A high-precision additive manufacturing process, laser powder bed fusion (LPBF) has enabled unmatched agile manufacturing of a wide range of products from engine components to medical implants. While finite element modeling and closed-loop control have been identified key for predicting and engineering part qualities in LPBF, existing results in each realm are developed in opposite computational architectures wildly different in time scale. This dissertation builds a first-instance closed-loop simulation framework by integrating high-fidelity finite element modeling with feedback controls originally developed for general mechatronics systems. By utilizing the output signals (e.g., melt pool width) retrieved from the finite element model (FEM) to directly update the control signals (e.g., laser power) sent to the model, the proposed closed-loop framework enables testing the limits of advanced controls in LPBF and surveying the parameter space fully to generate more predictable part qualities. Along the course of formulating the framework, we build and refine an FEM of the thermal response in LPBF and verify the FEM by comparing its results with experimental and analytical solutions. Thereafter, we use the FEM to understand the melt-pool evolution induced by the thermomechanical interactions in LPBF. In addition, we build a new Hammerstein mixed-fidelity model to capture more of the complex spatiotemporal thermal dynamics.
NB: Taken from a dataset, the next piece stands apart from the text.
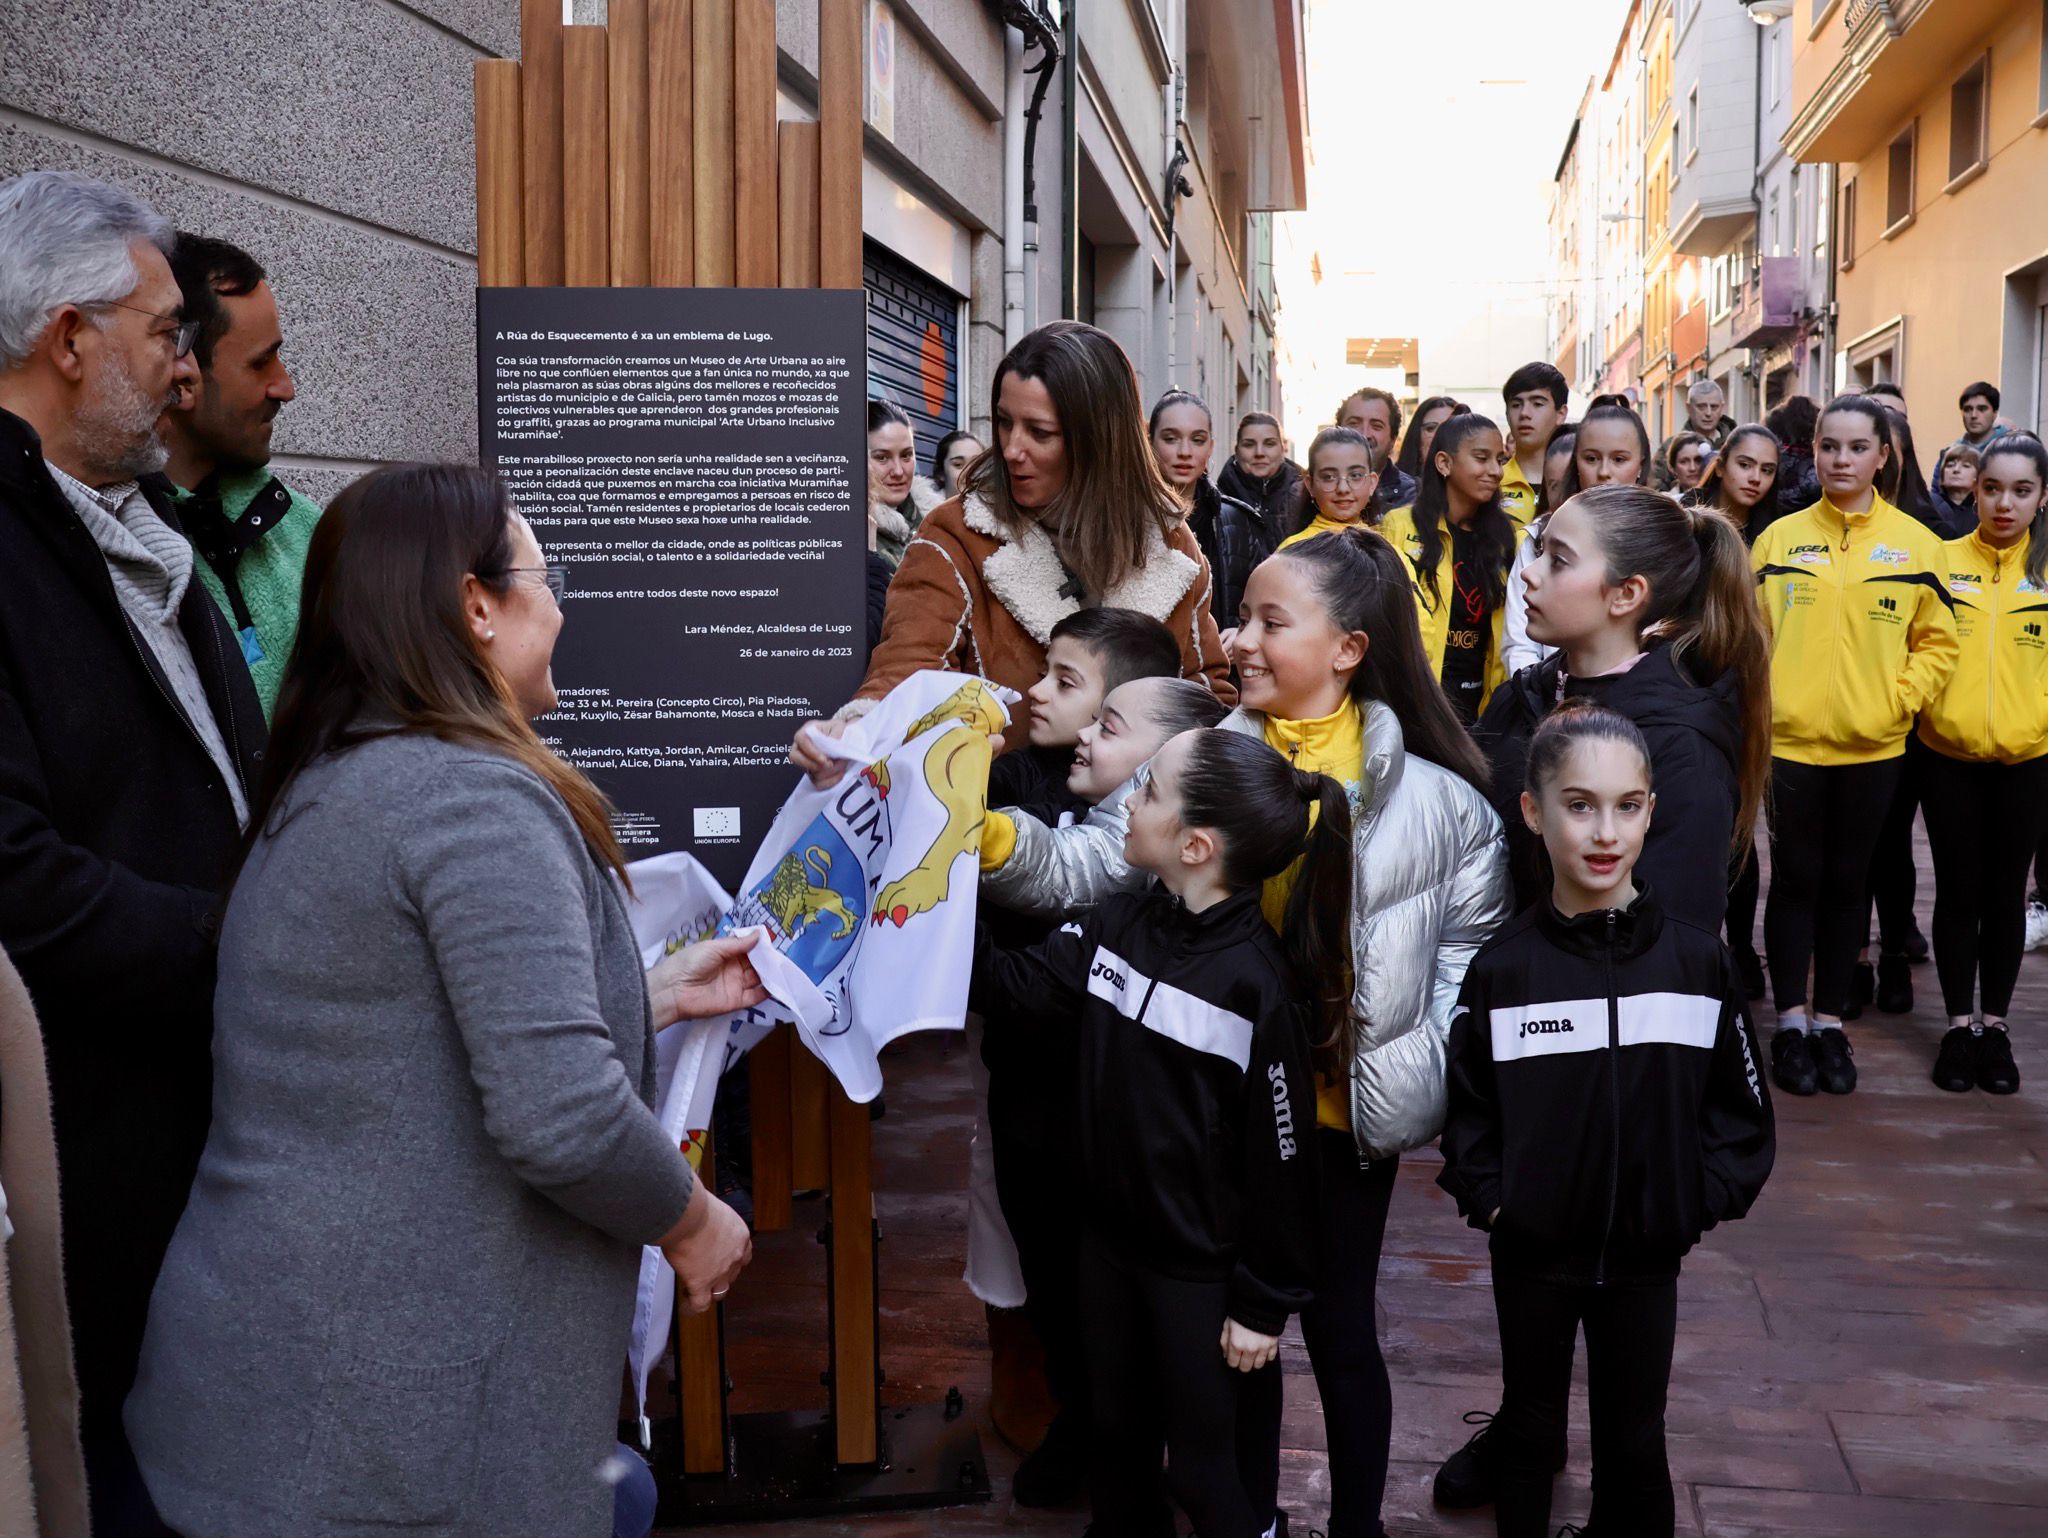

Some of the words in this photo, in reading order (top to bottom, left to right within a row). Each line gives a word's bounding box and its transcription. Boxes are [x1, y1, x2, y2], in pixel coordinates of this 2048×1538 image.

Under the architecture of the closed-loop simulation, we discuss general loop-shaping algorithms and specifically develop a multirate fractional-order repetitive control (RC) algorithm that addresses an intrinsic RC limitation when the exogenous signal frequency cannot divide the sampling frequency of the sensor. We also investigate the model inversion techniques---an important piece of the loop-shaping control---and build an H infinity-based optimal inversion that attains model accuracy at the frequency regions of interest while constraining noise amplification elsewhere to guarantee system robustness. Besides, we analyze spectral properties of the closed-loop signals under sample-data control and show that the single-rate high-gain feedback cannot reject disturbances near and beyond the Nyquist frequency. From there, we provide a case study on applying an RC algorithm to greatly attenuate periodic thermal variations in LPBF.